Return each record verbatim, images excluded.

---

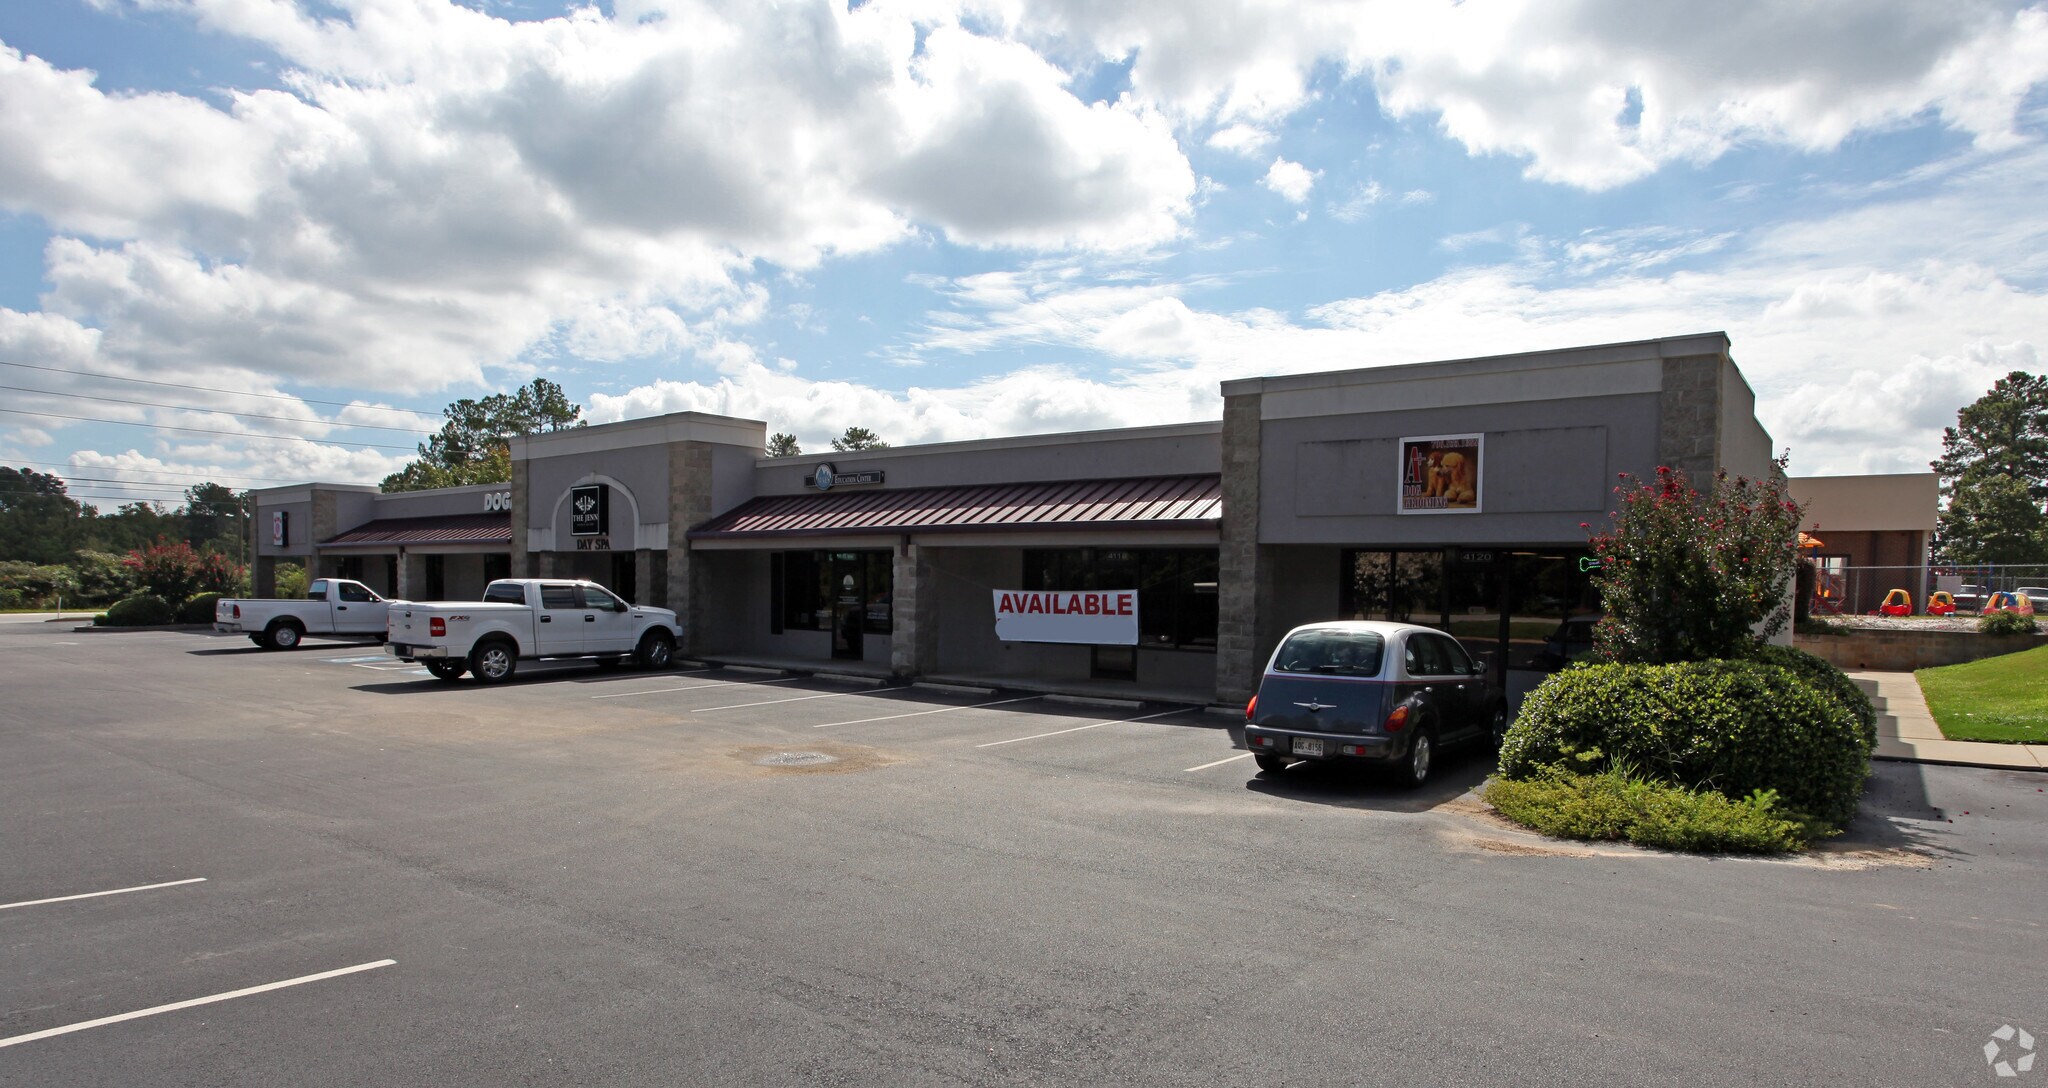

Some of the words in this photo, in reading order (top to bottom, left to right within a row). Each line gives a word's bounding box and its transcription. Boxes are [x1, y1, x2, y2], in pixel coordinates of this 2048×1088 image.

[856, 474, 871, 483] CENTER
[1403, 485, 1422, 497] DOG
[484, 491, 512, 511] DOG
[1404, 497, 1448, 509] GROOMING
[573, 514, 584, 522] THE
[584, 514, 599, 523] JENN
[577, 538, 592, 550] DAY
[595, 538, 611, 550] SPA
[1463, 553, 1492, 561] 4120
[998, 593, 1133, 615] AVAILABLE

---

• **Task response**:
Some of the words in this photo, in reading order (top to bottom, left to right within a row). Each line gives a word's bounding box and its transcription. Boxes are [x1, y1, x2, y2], in pixel coordinates of this 2048×1088 image.

[856, 474, 871, 483] CENTER
[1403, 485, 1422, 497] DOG
[484, 491, 512, 511] DOG
[1404, 497, 1448, 509] GROOMING
[573, 514, 584, 522] THE
[584, 514, 599, 523] JENN
[577, 538, 592, 550] DAY
[595, 538, 611, 550] SPA
[1463, 553, 1492, 561] 4120
[998, 593, 1133, 615] AVAILABLE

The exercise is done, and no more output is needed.